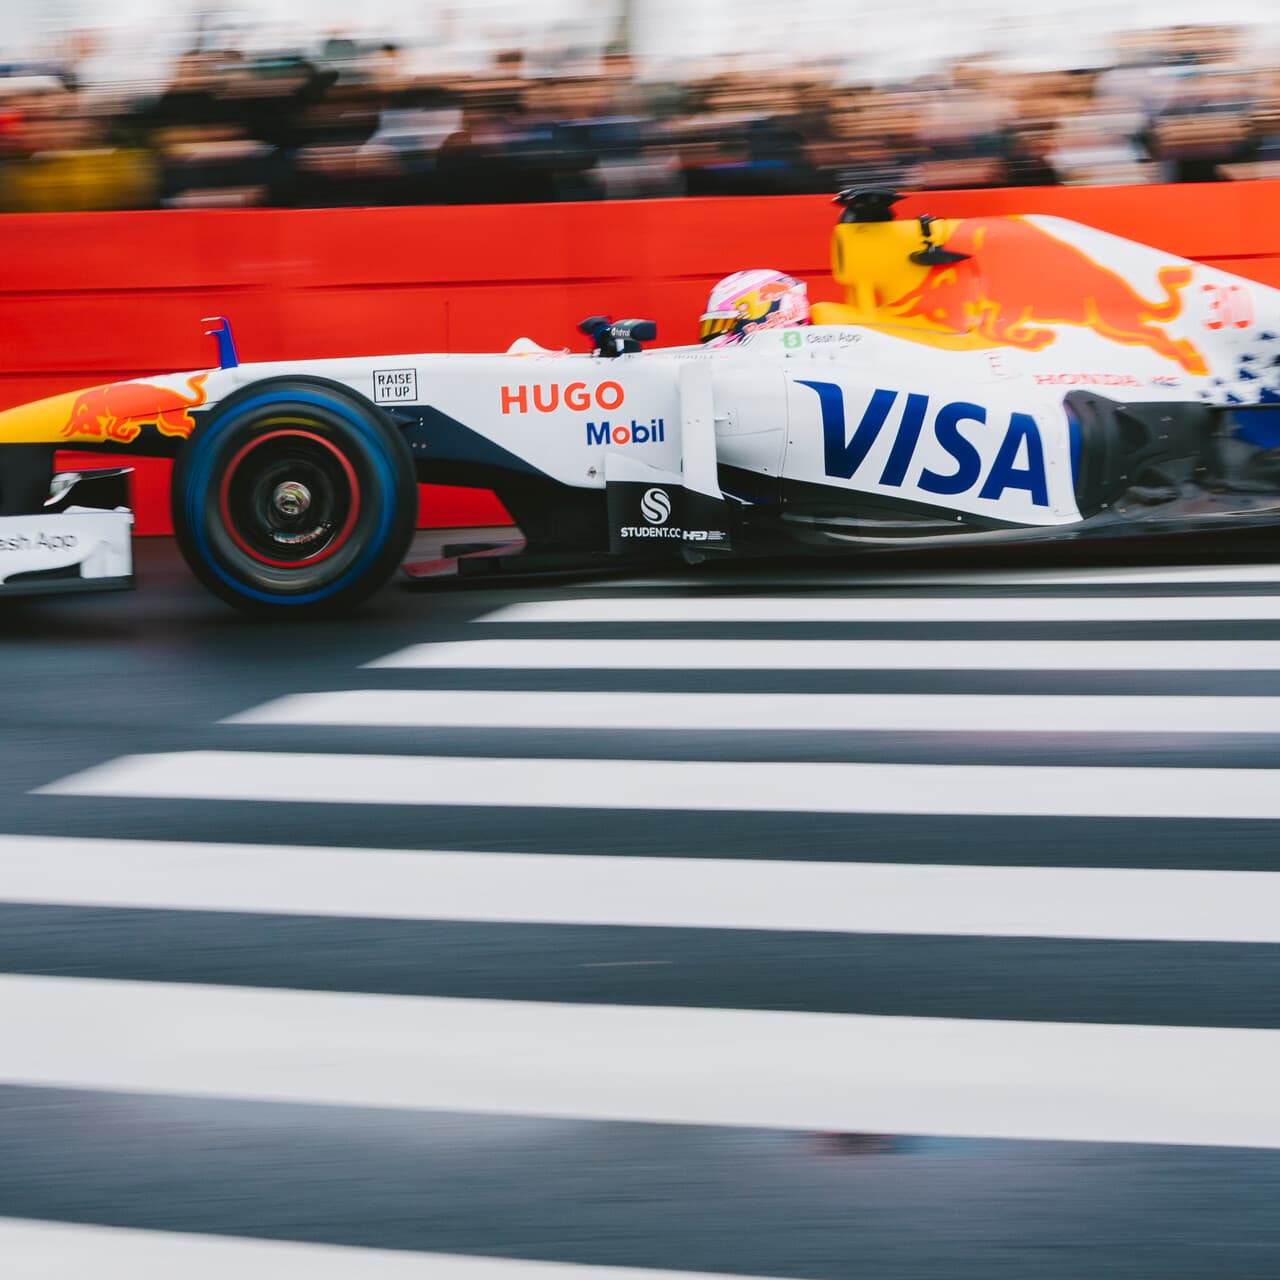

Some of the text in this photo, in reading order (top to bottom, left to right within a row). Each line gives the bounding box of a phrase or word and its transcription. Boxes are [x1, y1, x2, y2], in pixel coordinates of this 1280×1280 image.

[378, 373, 413, 385] RAISE
[1033, 373, 1145, 387] HONDA
[381, 385, 410, 398] IT UP
[501, 380, 625, 415] HUGO
[586, 418, 665, 446] Mobil
[794, 379, 1049, 507] VISA
[34, 531, 79, 552] App
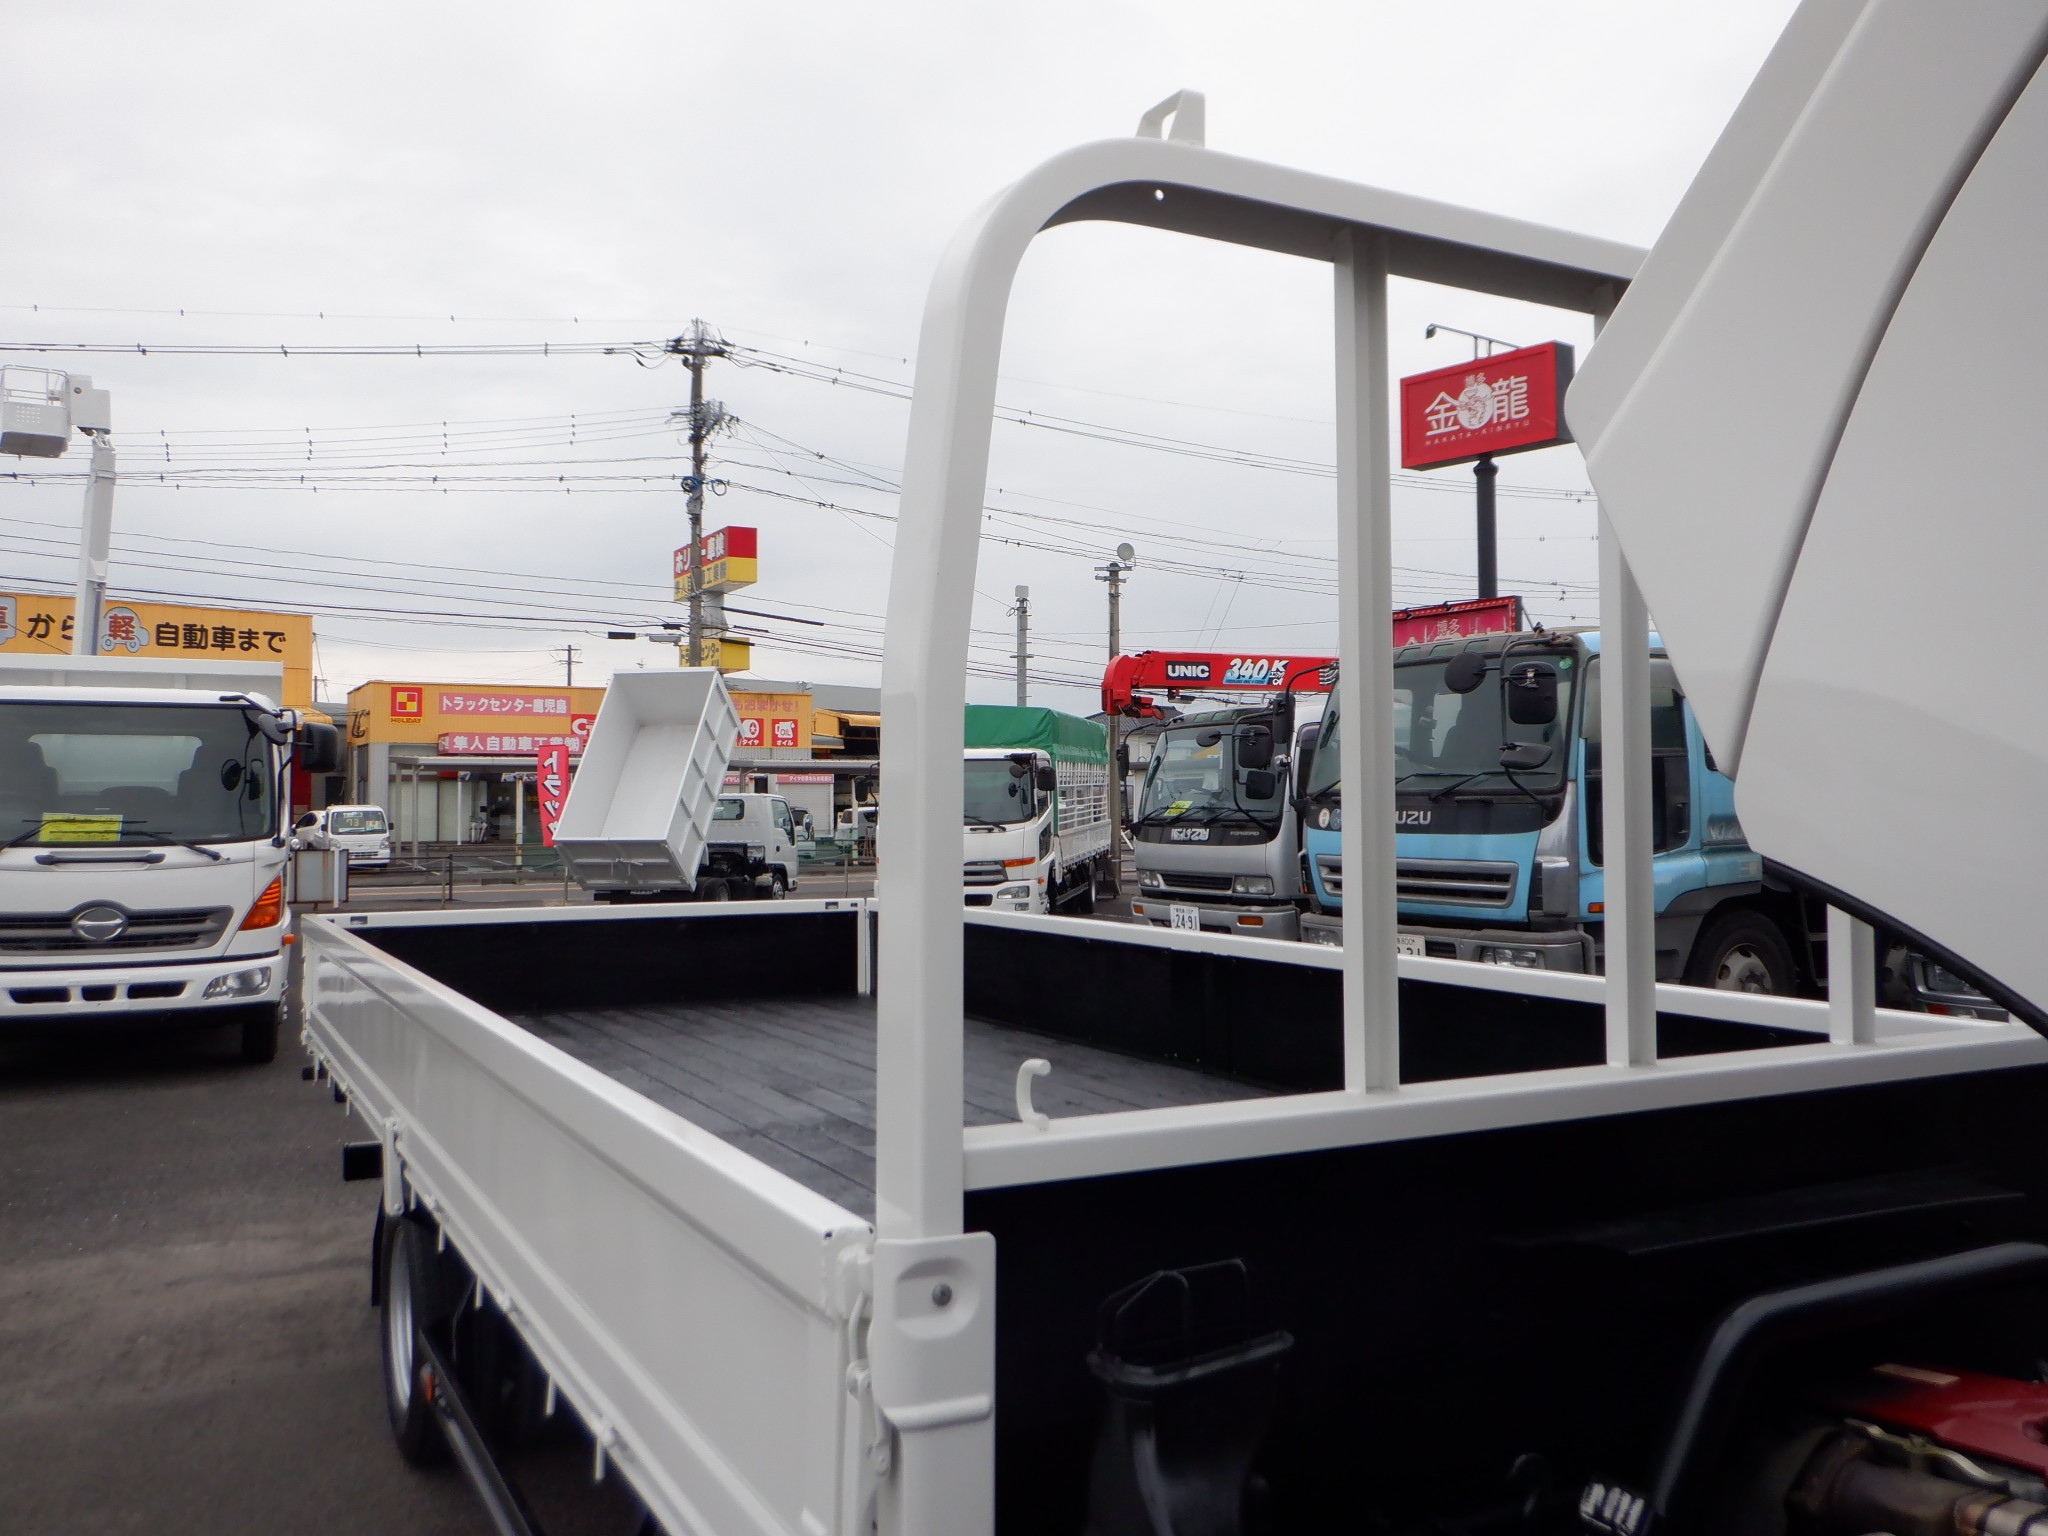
──────────
> [WORK INSTRUCTION]
Give the data again exactly, image-free.

> [RESULT OF THIS EXERCISE]
Some of the text in this photo, in reading order (top to bottom, left to right within a row). Each line gives the bounding box of a phrase or word and its transcription. Boxes are [x1, y1, x2, y2], in pixel coordinates of this 1280×1280 image.

[378, 373, 413, 385] RAISE
[1033, 373, 1145, 387] HONDA
[381, 385, 410, 398] IT UP
[501, 380, 625, 415] HUGO
[586, 418, 665, 446] Mobil
[794, 379, 1049, 507] VISA
[34, 531, 79, 552] App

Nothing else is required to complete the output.